* [Free-text object descriptions]
[Start of section]

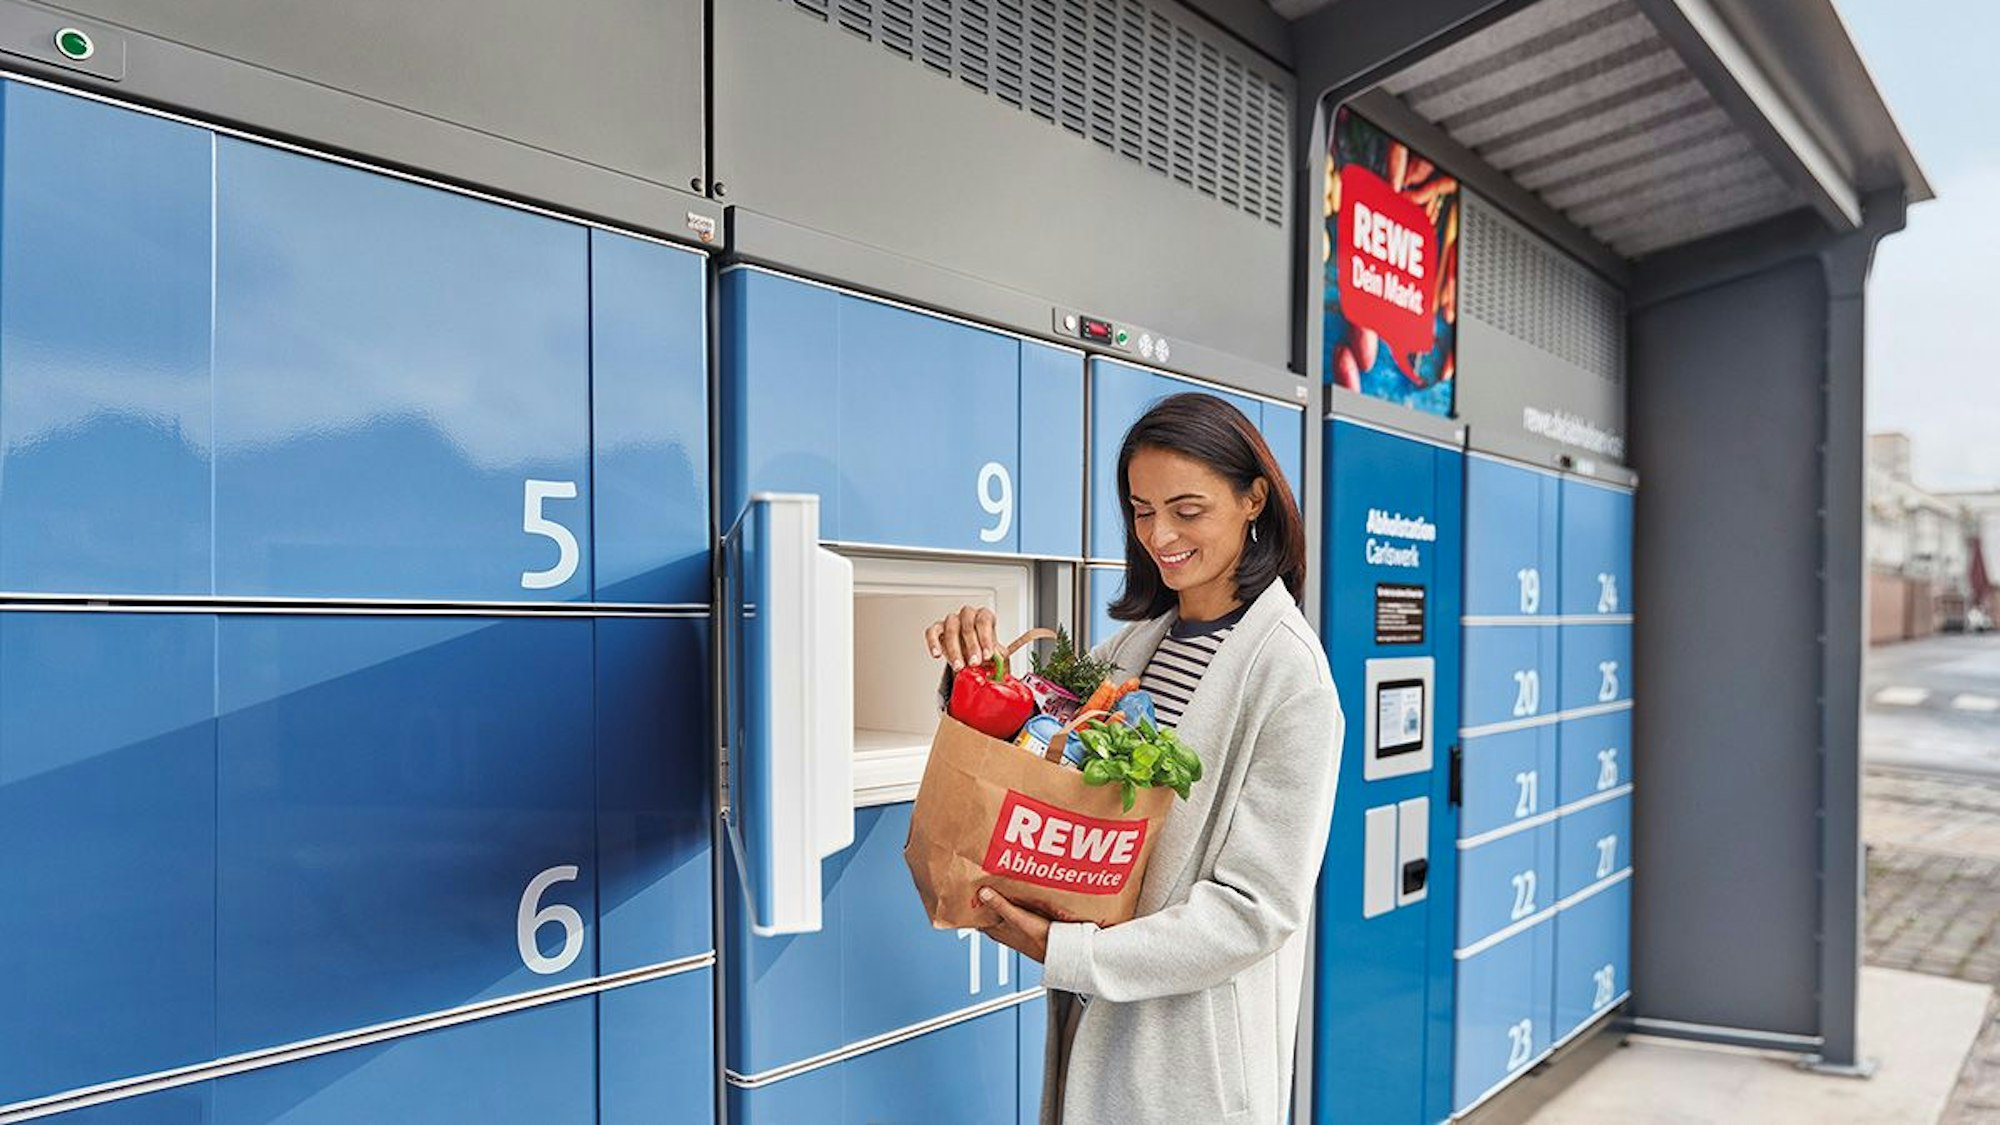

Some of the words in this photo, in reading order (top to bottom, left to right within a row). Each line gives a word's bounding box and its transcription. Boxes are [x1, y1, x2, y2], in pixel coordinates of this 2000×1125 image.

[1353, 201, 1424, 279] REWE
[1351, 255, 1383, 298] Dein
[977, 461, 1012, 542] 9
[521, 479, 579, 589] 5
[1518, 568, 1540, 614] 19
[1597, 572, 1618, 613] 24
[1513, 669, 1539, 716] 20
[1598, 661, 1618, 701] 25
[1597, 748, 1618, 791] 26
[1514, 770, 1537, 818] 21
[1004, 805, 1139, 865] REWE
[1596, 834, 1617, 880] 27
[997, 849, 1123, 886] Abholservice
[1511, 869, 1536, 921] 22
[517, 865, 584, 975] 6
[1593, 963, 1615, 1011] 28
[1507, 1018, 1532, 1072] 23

[End of section]

* [PROMPT] Could you retype all the entries above exactly, without the pictures?

* [TASK RESPONSE]
Some of the words in this photo, in reading order (top to bottom, left to right within a row). Each line gives a word's bounding box and its transcription. Boxes are [x1, y1, x2, y2], in pixel coordinates of this 2000×1125 image.

[1353, 201, 1424, 279] REWE
[1351, 255, 1383, 298] Dein
[977, 461, 1012, 542] 9
[521, 479, 579, 589] 5
[1518, 568, 1540, 614] 19
[1597, 572, 1618, 613] 24
[1513, 669, 1539, 716] 20
[1598, 661, 1618, 701] 25
[1597, 748, 1618, 791] 26
[1514, 770, 1537, 818] 21
[1004, 805, 1139, 865] REWE
[1596, 834, 1617, 880] 27
[997, 849, 1123, 886] Abholservice
[1511, 869, 1536, 921] 22
[517, 865, 584, 975] 6
[1593, 963, 1615, 1011] 28
[1507, 1018, 1532, 1072] 23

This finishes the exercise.